* [REQUIRED WORK] Please transcribe every record below exactly, leaving out the pictures.

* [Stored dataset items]
· · · ·

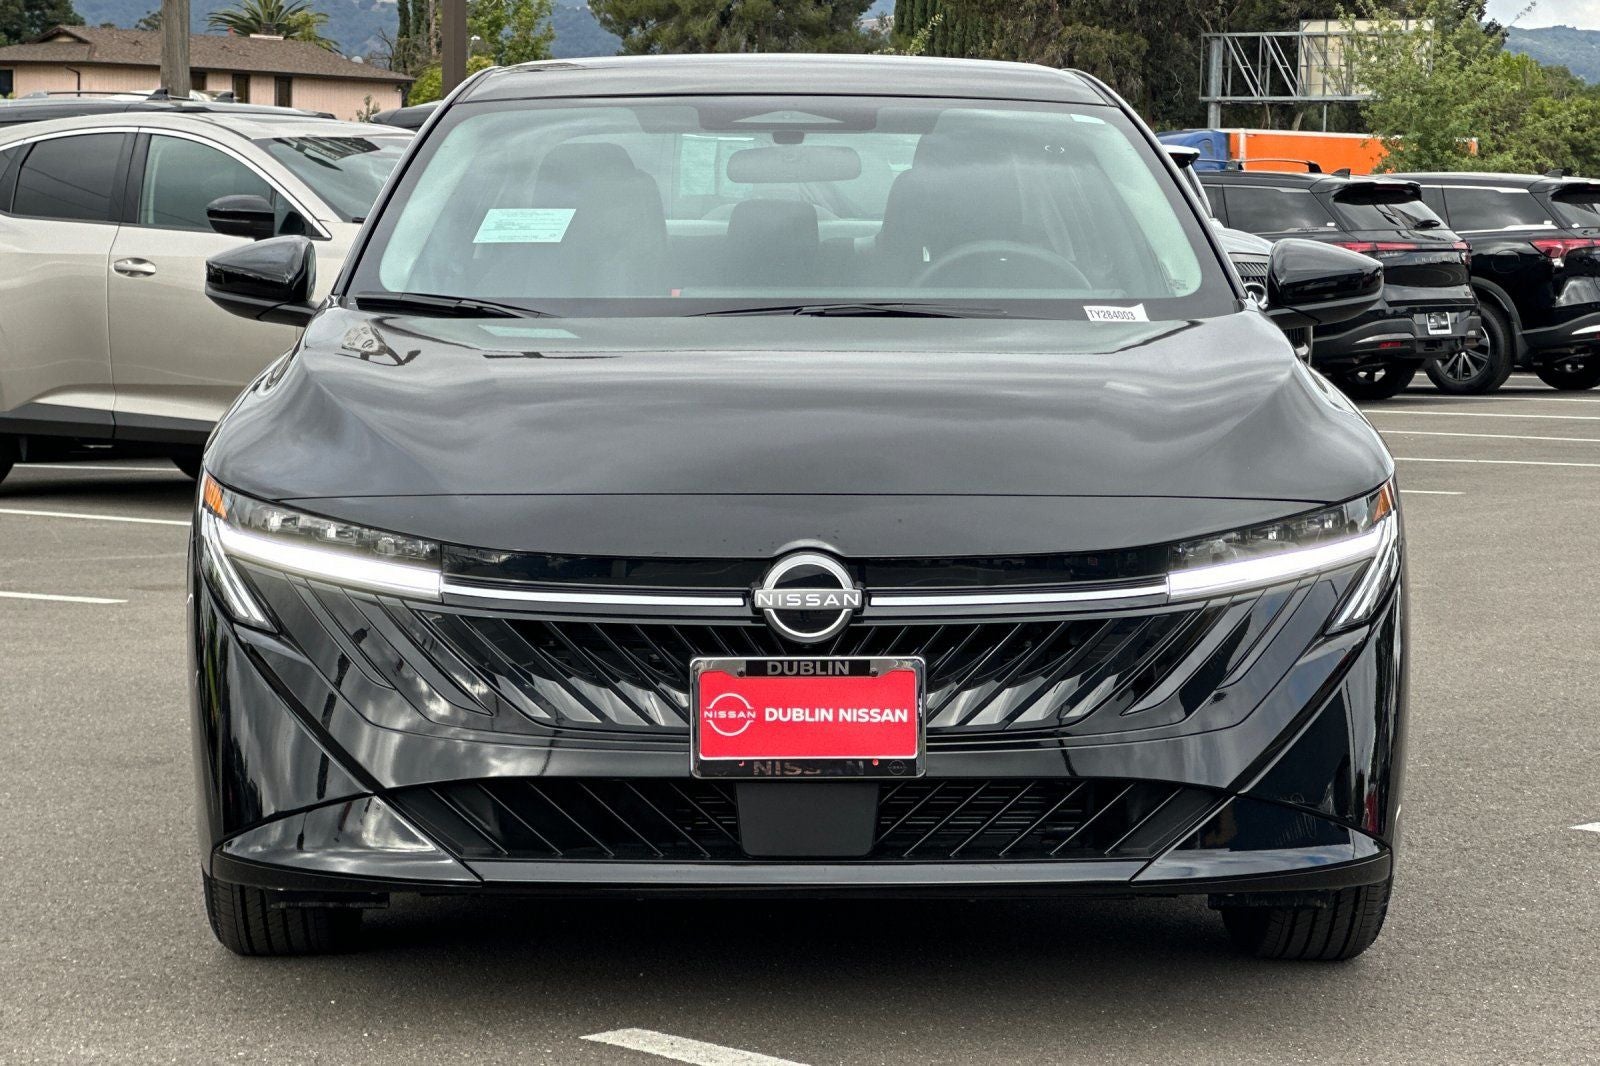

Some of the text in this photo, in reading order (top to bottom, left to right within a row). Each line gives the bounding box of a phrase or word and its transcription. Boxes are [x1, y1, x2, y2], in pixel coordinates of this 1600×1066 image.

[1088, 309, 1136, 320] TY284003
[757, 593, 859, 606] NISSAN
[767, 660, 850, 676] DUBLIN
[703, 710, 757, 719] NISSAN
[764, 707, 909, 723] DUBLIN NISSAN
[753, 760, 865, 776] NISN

· · · ·

* [TASK RESPONSE]
Some of the text in this photo, in reading order (top to bottom, left to right within a row). Each line gives the bounding box of a phrase or word and its transcription. Boxes are [x1, y1, x2, y2], in pixel coordinates of this 1600×1066 image.

[1088, 309, 1136, 320] TY284003
[757, 593, 859, 606] NISSAN
[767, 660, 850, 676] DUBLIN
[703, 710, 757, 719] NISSAN
[764, 707, 909, 723] DUBLIN NISSAN
[753, 760, 865, 776] NISN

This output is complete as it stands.